函館にはずっと来たかった。何で見たのか忘れたが、百何年か前、俺と同じ苗字の男がここで戦ったのだという。それだけだ。しかし、それだけが俺を突き動かした。深く青い海を、鈍色の空を、刺さる寒さを、この身に焼き付けなければいけないと、俺と同じ苗字の男を知ってから、ずっと思ってきた。そして、就活を控えた大学三年生の春休み、思い立って飛行機に乗った。一つ下の了介を連れて。
了介は写真が趣味だという。だから連れてきた。九州育ちらしい彼は北の果ての写真なんて撮ったことが無かっただろうから。函館に行くぞと誘ったとき、やけに嬉しそうにしていたから、間違いない。その後やたら寒さがどうだとか、心配してきたのは腹が立ったが。
俺たちの泊まっている旅館は街のはずれにある。玄関を開けて中に入ると。客もなく張り合いも無かったのか、退屈そうな顔をしたおやじさんがのそのそと歩いてきた。
「ふうん、随分しばれてたんだな」
しばれる、というのは気温が冷え込む、みたいな意味らしい。俺と了介は思わず顔を見合わせて苦笑した。
「おやじさん、食堂ってまだ開いてるか。このまんま風呂浴びんのは具合が悪いや」
おやじさんは俺たちの赤い顔を交互に見て、ふふんと薄く笑う。
「運が良かったな、あと十分だ」
マジか、と俺と了介は急いで雪まみれの靴を脱ぎ始めた。ジーンズの裾にもこびりついていて、ほろうのに手間取る。おやじさんはクツクツと喉の奥で笑いながら食堂の方へ歩いて行った。何か言づけてくれるのだろうか。

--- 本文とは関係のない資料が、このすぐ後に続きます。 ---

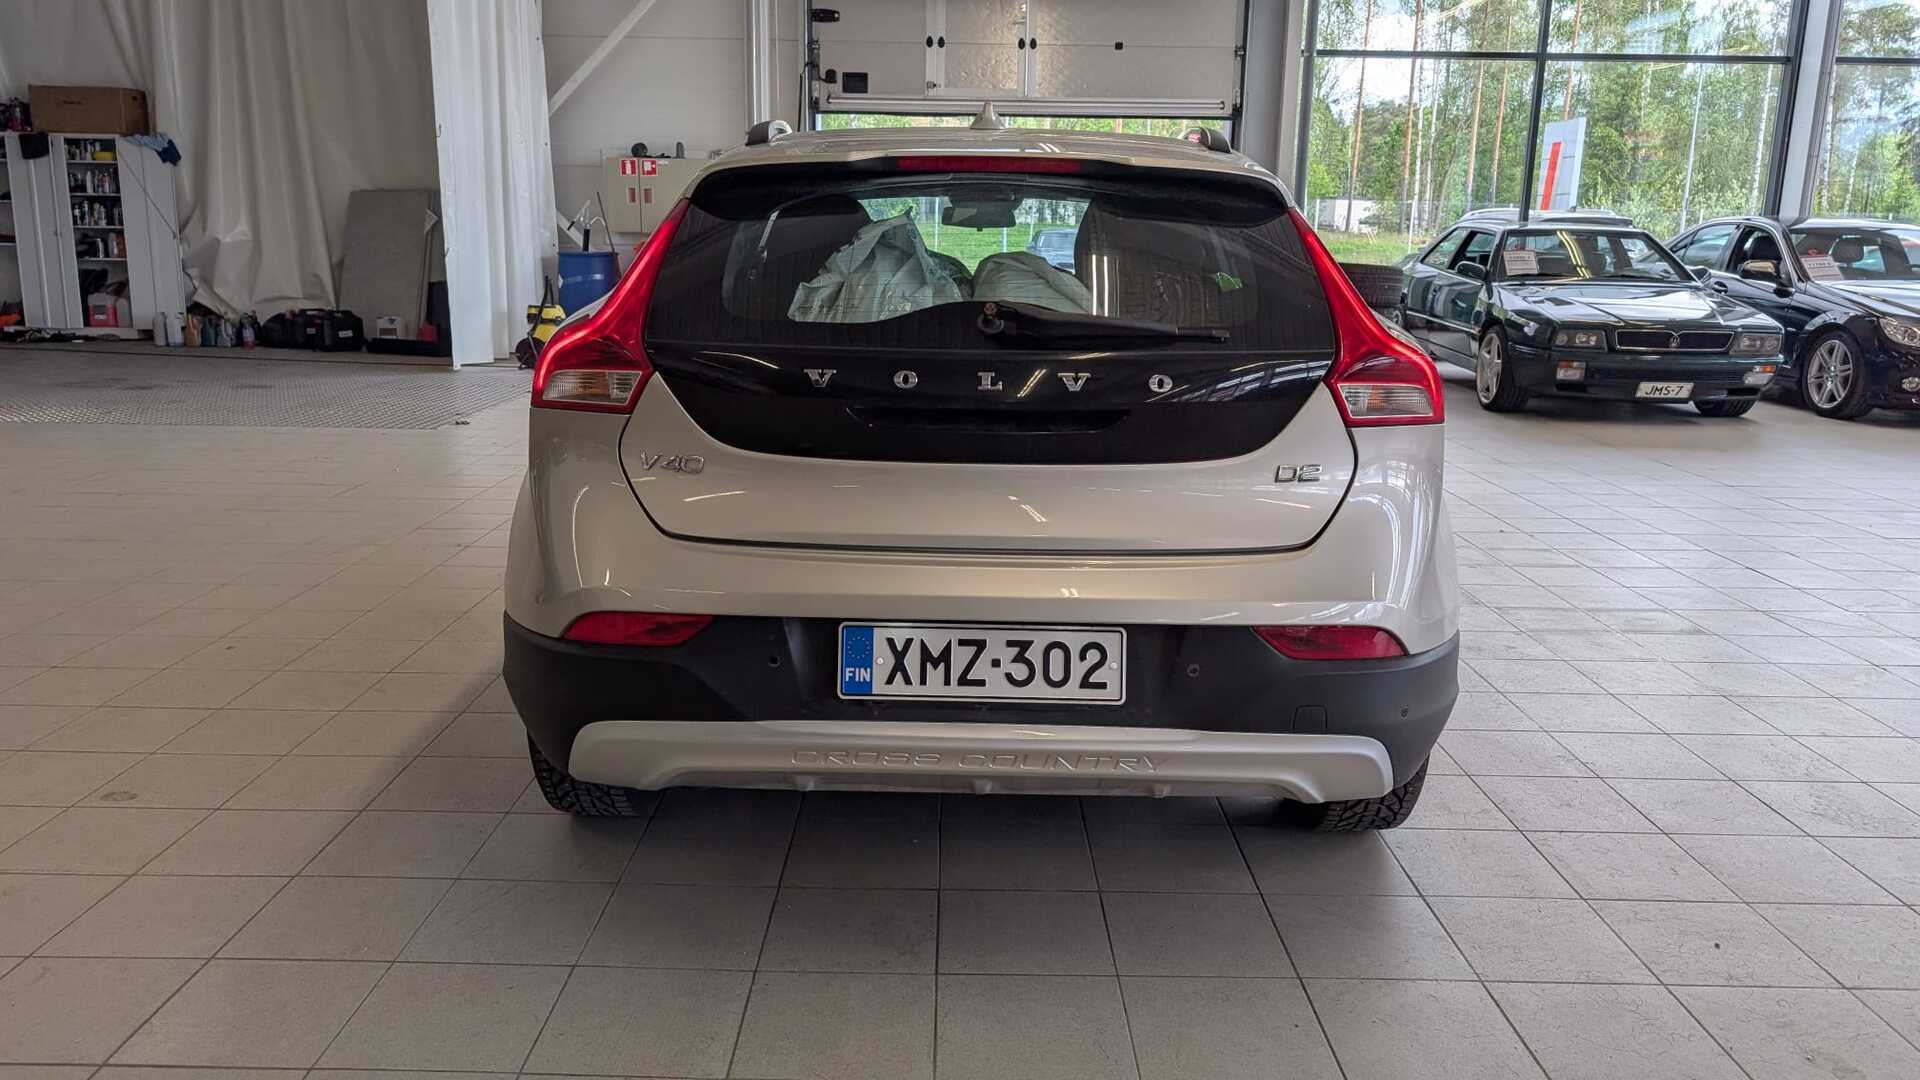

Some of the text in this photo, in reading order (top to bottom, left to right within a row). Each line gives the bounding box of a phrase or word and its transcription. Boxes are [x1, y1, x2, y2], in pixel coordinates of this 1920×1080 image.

[803, 368, 1174, 393] VOLVO
[1645, 385, 1684, 396] JMS-7
[641, 452, 704, 473] V40
[1274, 464, 1322, 483] D2
[884, 637, 1109, 690] XMZ-302
[844, 667, 871, 683] FIN
[791, 751, 1173, 773] CROSS COUNTRY
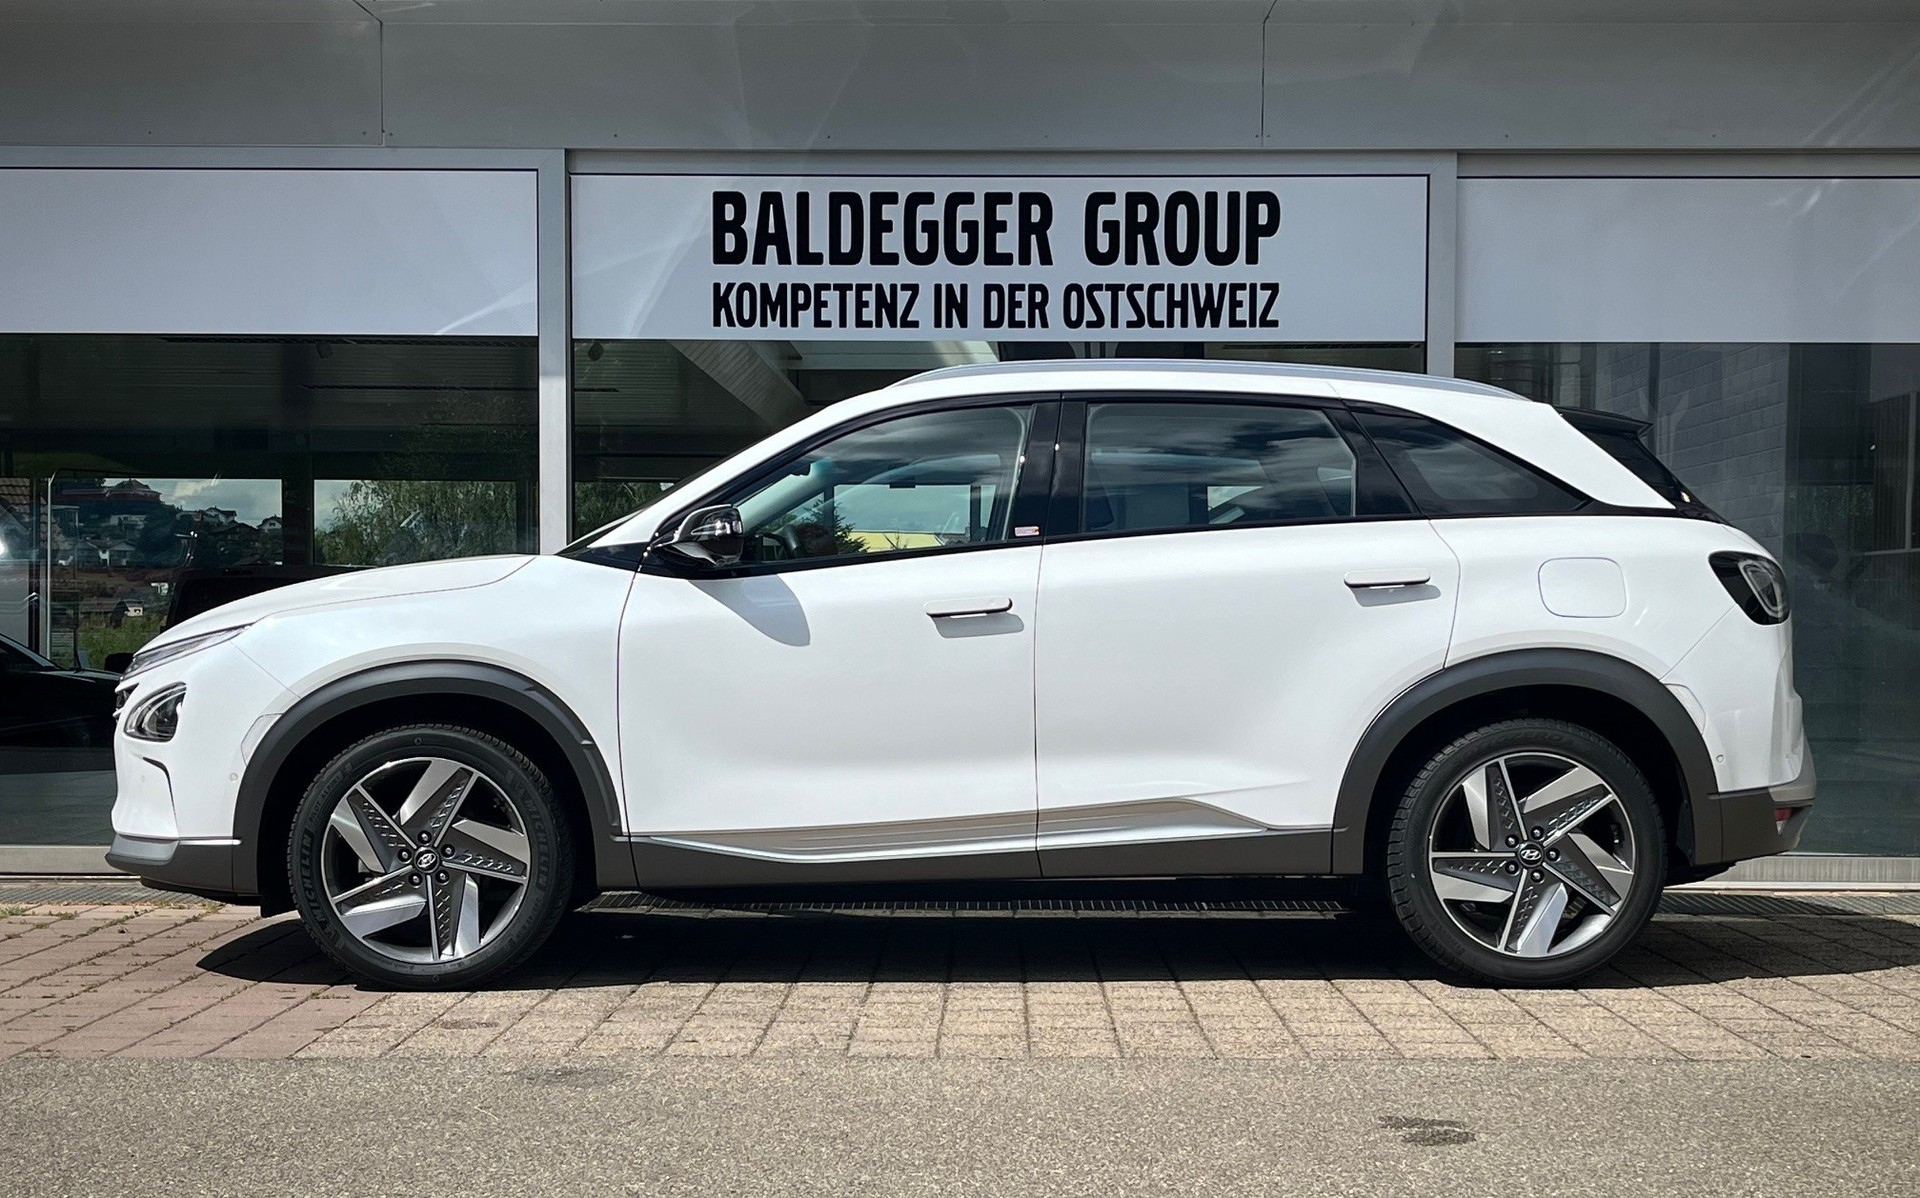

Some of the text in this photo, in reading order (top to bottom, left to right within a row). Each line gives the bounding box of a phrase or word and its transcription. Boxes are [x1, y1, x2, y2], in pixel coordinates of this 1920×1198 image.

[712, 190, 1281, 266] BALDEGGER GROUP
[712, 282, 1279, 329] KOMPETENZ IN DER OSTSCHWEIZ
[300, 833, 325, 923] MICHELIN
[525, 802, 549, 885] MICHELIN
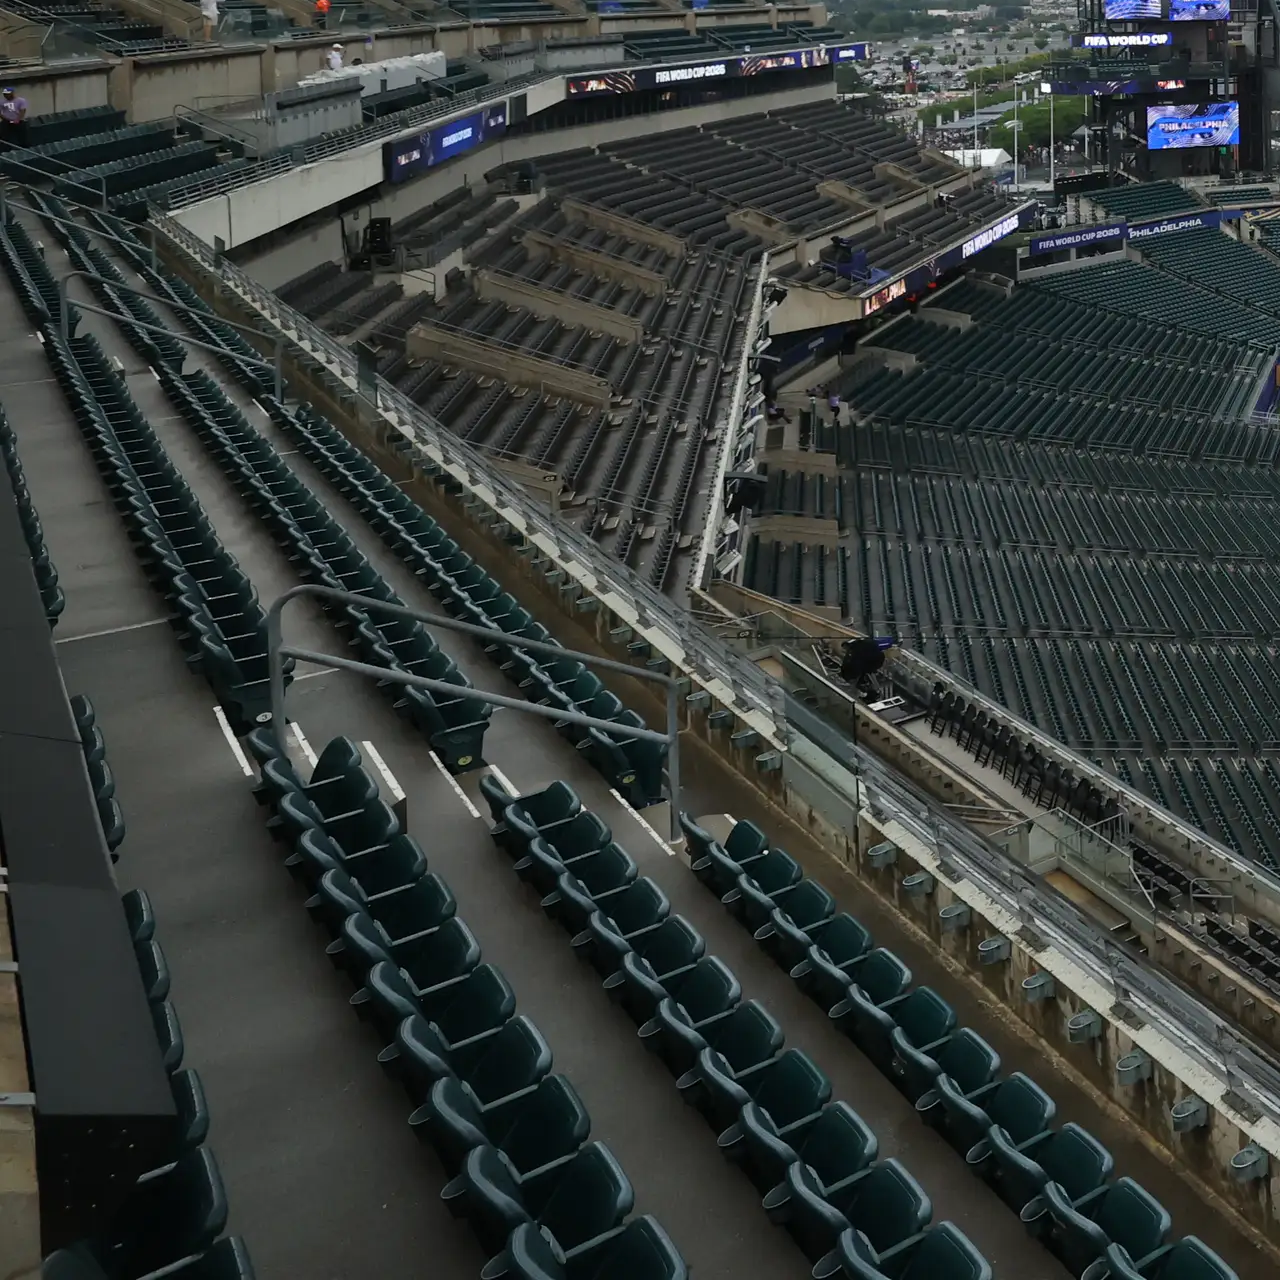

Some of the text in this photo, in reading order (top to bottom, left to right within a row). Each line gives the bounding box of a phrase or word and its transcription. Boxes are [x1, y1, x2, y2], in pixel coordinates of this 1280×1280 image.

[1084, 34, 1168, 47] FIFA WORLD CUP
[655, 64, 726, 83] FIFA WORLD CUP 2026
[962, 214, 1019, 259] FIFA WORLD CUP 2026
[1039, 227, 1121, 251] FIFA WORLD CUP 2026
[1128, 218, 1202, 239] PHILADELPHIA

まだー? と壁にもたれる了介に急かされながらようやく裾の雪を落とし終わって、食堂へ向かう。と、その途中のロビーのソファに今朝は見かけなかった顔が座っているのに気付いた。見たところ自分と同じくらいの歳らしい。手に何か難しそうな本を持っているのがちらと目に入った。
「新しい客かな」
寂しい旅館なのにな、なんて失礼なことを言いながら隣を歩く了介を見る。と、何やら不満げというか、不機嫌な顔。
「なんだ、お前の知り合いか?」
「…いや、何でもあいもはん」
そうは言っても眉間の皺は確かだ。きっと何かあるのだろう、あまりあの客のことは言わない方がいいな。
食堂に着くとおばちゃんがにやにやしながら温かいみそ汁を出してくれた。とろろ昆布が入っていて、微かに鼻に抜ける磯が心地いい。体の芯まで沁みてゆくようだ。
「美味いな」
向かいに座る了介を見やると、再びゆるい笑顔に戻っていた。
「うまかぁ」
内心ほっとしつつ、時計を見るともう少しで大浴場が開く時間だった。
「落ち着いたら風呂入るか」
「じゃあ、その後は酒でも」
「良いけど、程々にしろよ。お前悪酔いするんだから」
分かりもした! とはつらつとした了介だが、どこまで分かっているんだか。呆れつつ、こいつを連れてきて良かったな、と思ったりもした。一人で来ていたら、このあたたかな笑顔が無ければ、俺はさっき昏い海に飛び込んでいたかもしれなかった。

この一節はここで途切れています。